SIDEWALK INFILTRATION PLANTERS
landscape plantings are typical urban street improvements. utilizing these
infrastructural sidewalk improvement to infiltrate storm water runoff from the adjacent
roadway means, collectively, a significantly lower volume of storm water will exist. a
secondary drainage system is faciliated through an elevated inlet that conveys water
to a french drain. ultimately this system would daylight within the final component of
the storm water system: the infiltration park.
ESTIMATES
20 ft x 5 ft x 2 ft (200 cb ft) x 7.48 cb ft to gallon cnvt = 1500 gallons per buffer
POCKET INFILTRATION PARK
as a medium scale storm water infiltration area, the pocket park performs as a
parking lot, vacant land, public garden, and mitigation effort. local building and
impermeable surface runoff is absorbed in the planting area while roads and
sidewalks can be crowned to absorb excess runoff from other, non-treated locations.
ESTIMATES
5100 cb ft x 7.48 cbt ft to gallon cnvt = 38250 gallons of storage per parking lot
SCALE 1 CONTEXT
truth or consequences is located within the southwestern quadrant of the state of new mexico. the historic area of
the city is located within an abandoned rio grande river oxbow. this affords the city with an abundance of spring
water from the unique geological condition. however, hydrologically the town is typical of a rural new mexico town:
naturally occuring arroyos exist northwest of the city center and channel percipitation to the river bank. since truth
or consequences is in position between those arroyos and the river front, two large detention basins have been
previously established along the corresponding watersheds north and northwest of the city. these infrastructural
installations shield the historic area from the larger water runoff issues normally associated with urban
development on a desert environment. within the older development areas, no dedicated storm water collection
system (curb & gutter) exists.
SCALE 3 CONTEXT
at the site-level, truth or consequences holds many opportunities to develop its public realm. historic sidewalks built by the w.p.a.

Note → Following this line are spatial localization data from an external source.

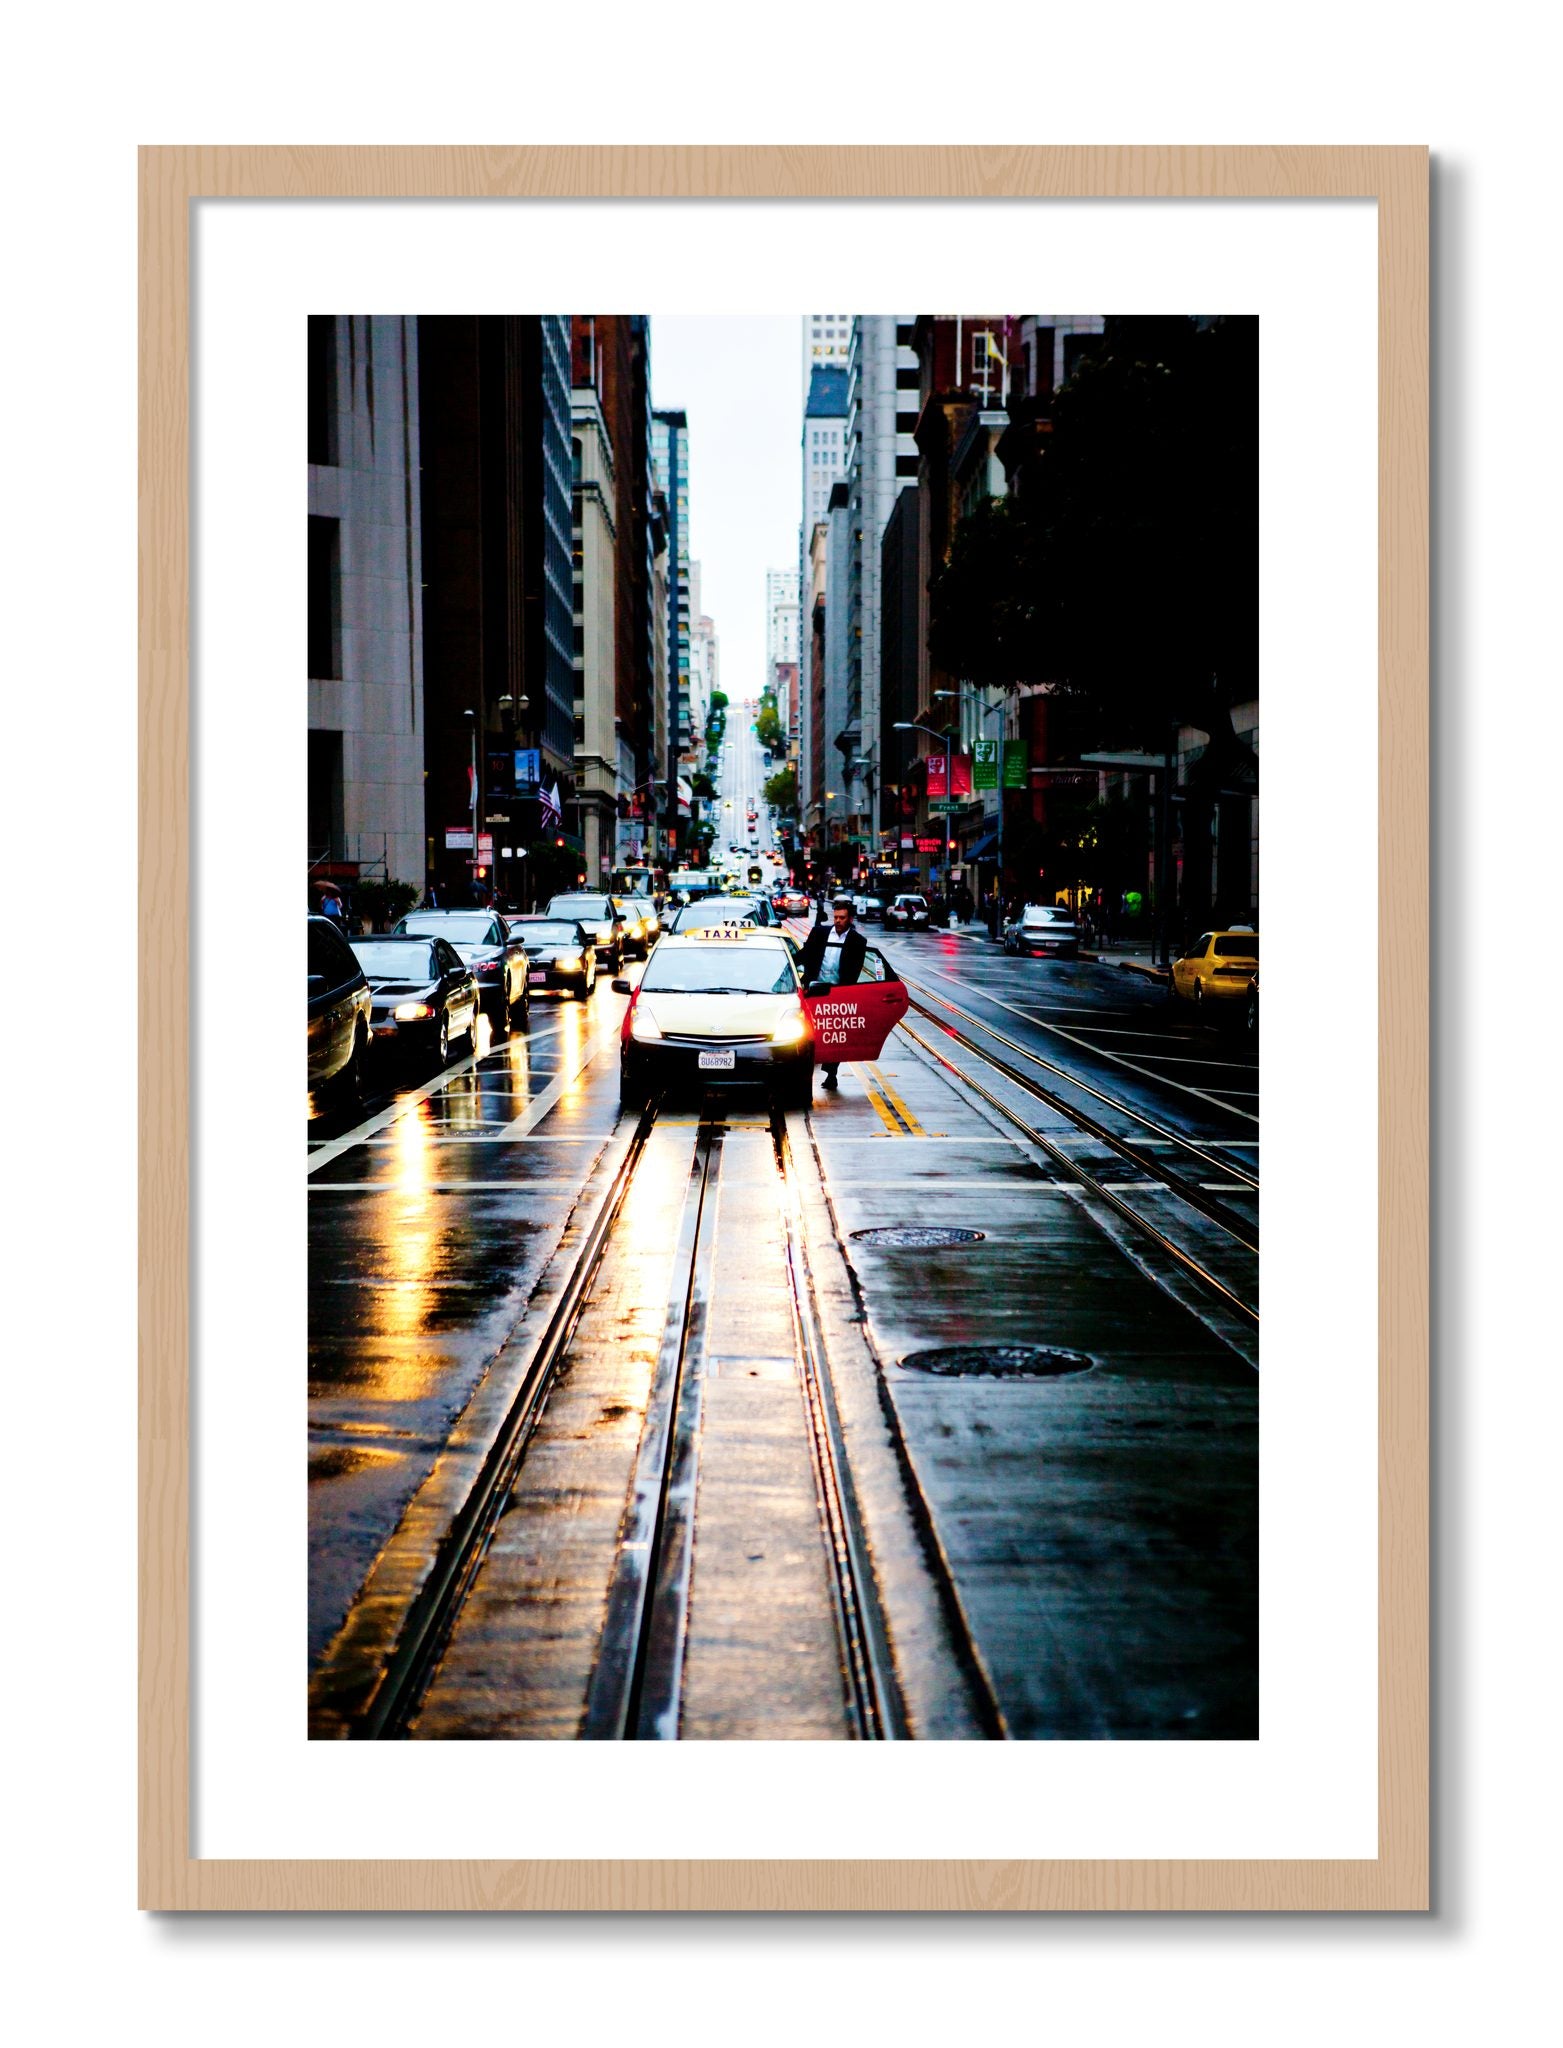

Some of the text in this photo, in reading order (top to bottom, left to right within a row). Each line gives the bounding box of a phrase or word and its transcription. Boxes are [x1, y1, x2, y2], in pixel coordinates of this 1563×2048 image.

[703, 930, 738, 938] TAXI
[814, 1003, 858, 1016] ARROW
[822, 1031, 847, 1044] CAB
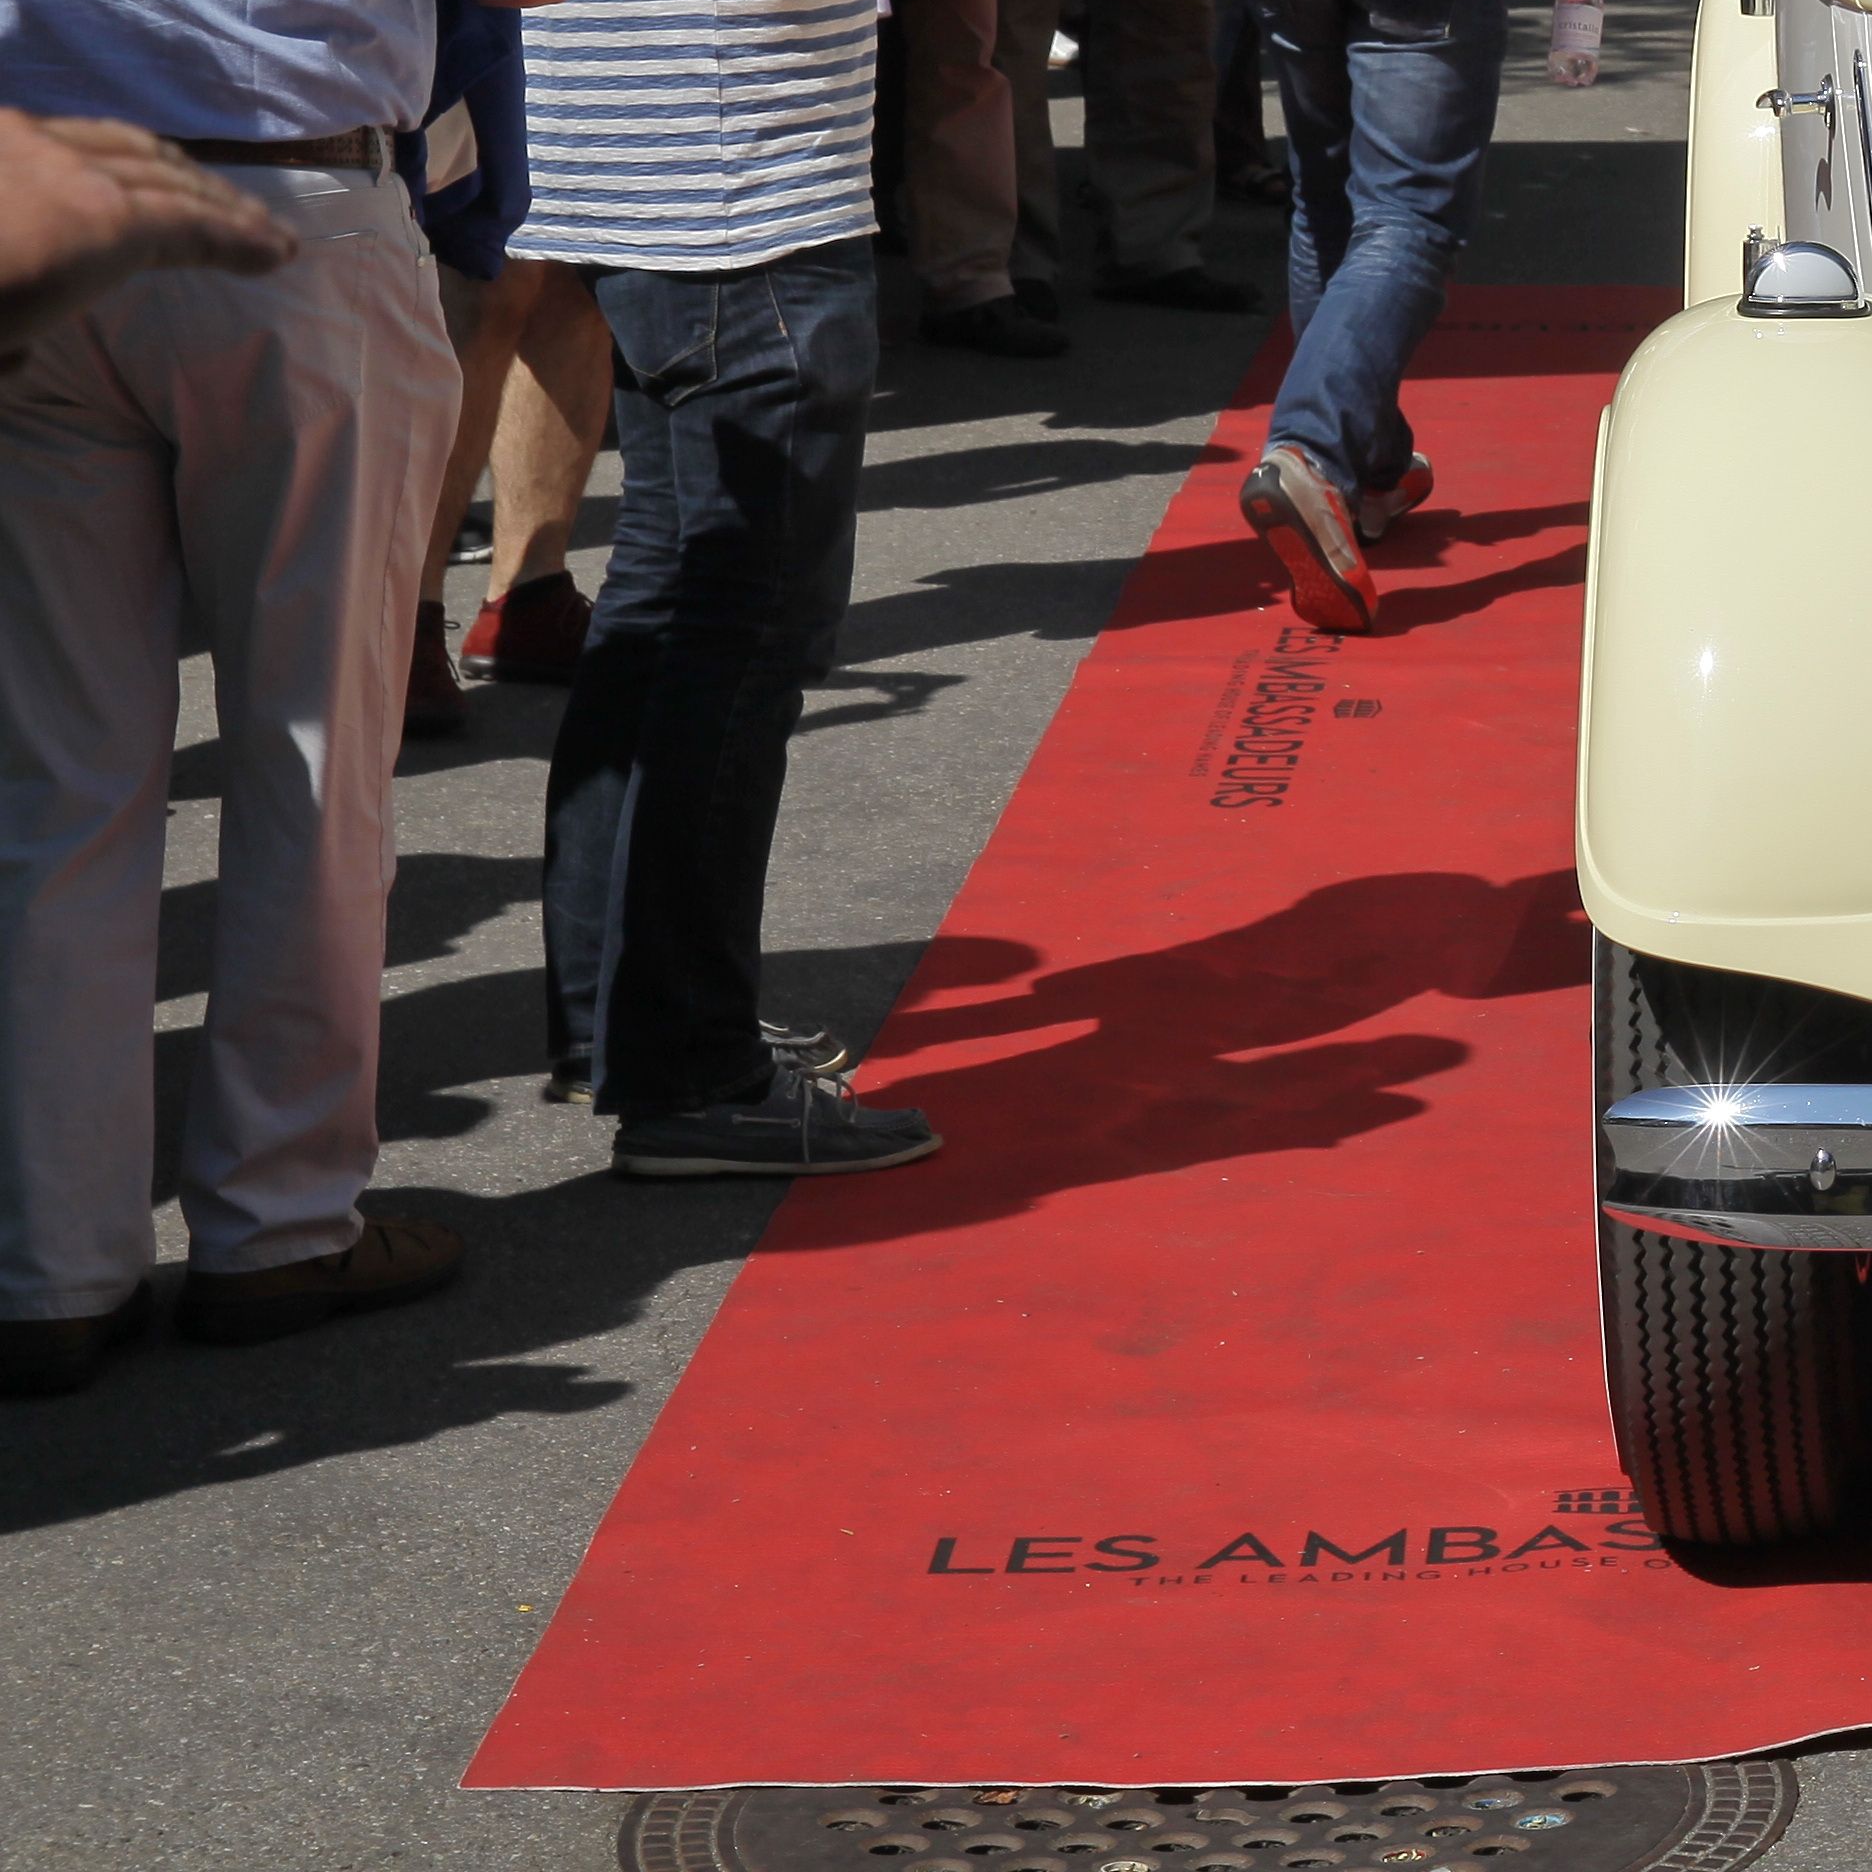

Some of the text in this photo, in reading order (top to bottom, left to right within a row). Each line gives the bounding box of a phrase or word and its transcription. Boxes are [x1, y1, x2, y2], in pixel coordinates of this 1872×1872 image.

[1209, 656, 1336, 809] MBASSADEURS
[926, 1534, 1161, 1575] LES
[1131, 1556, 1672, 1587] THE LEADING HOUSE O
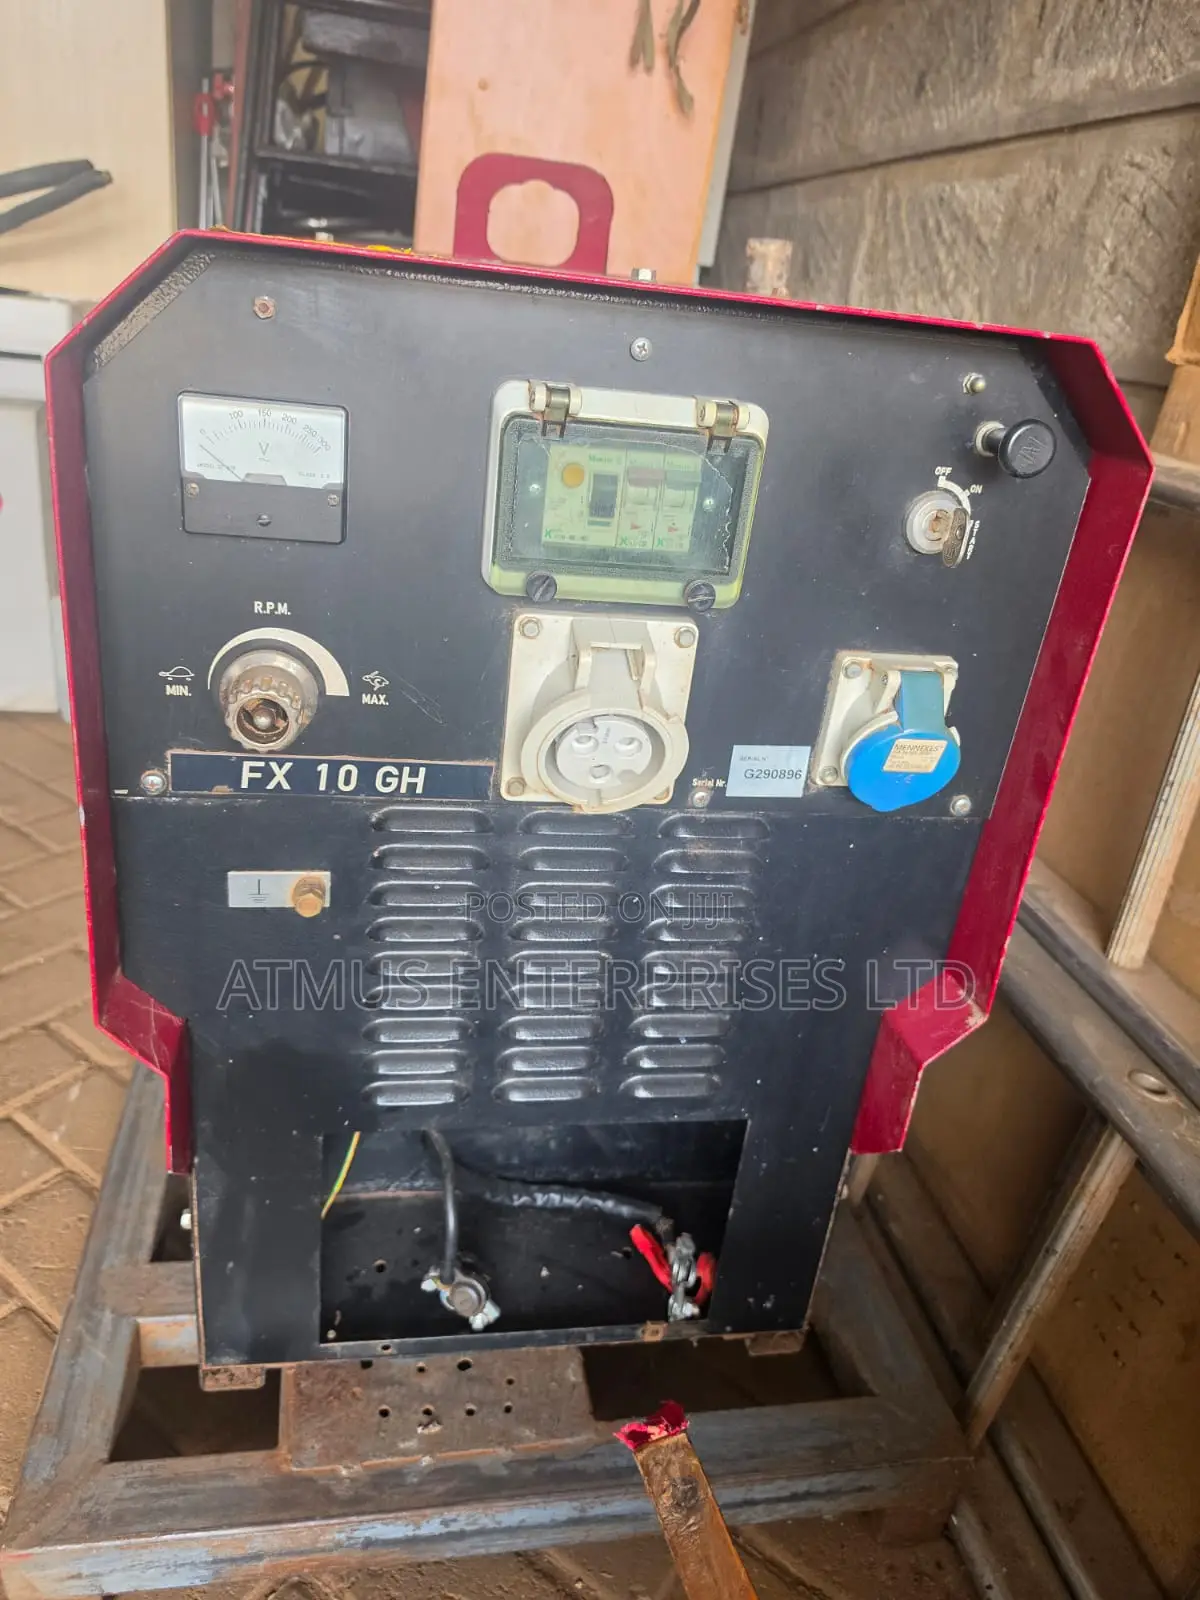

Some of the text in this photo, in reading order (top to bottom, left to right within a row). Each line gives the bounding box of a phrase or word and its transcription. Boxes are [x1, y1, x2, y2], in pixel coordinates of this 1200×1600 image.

within the 1930s are currently employed as the primary pedestrian circulation infrastructure. these walks are in poor shape with
many missing, cracked, or buckling. though the preservation of this element presents as a constraint, the reuse of these pieces
within a historic capacity may serve the community better than as infrastructure. replacement provides the opportunity to develop
wider, high performance walks with infiltration basins. additional areas for infiltration include parking lots under utilized and small
vacant lands that could be developed as a pocket infiltration park.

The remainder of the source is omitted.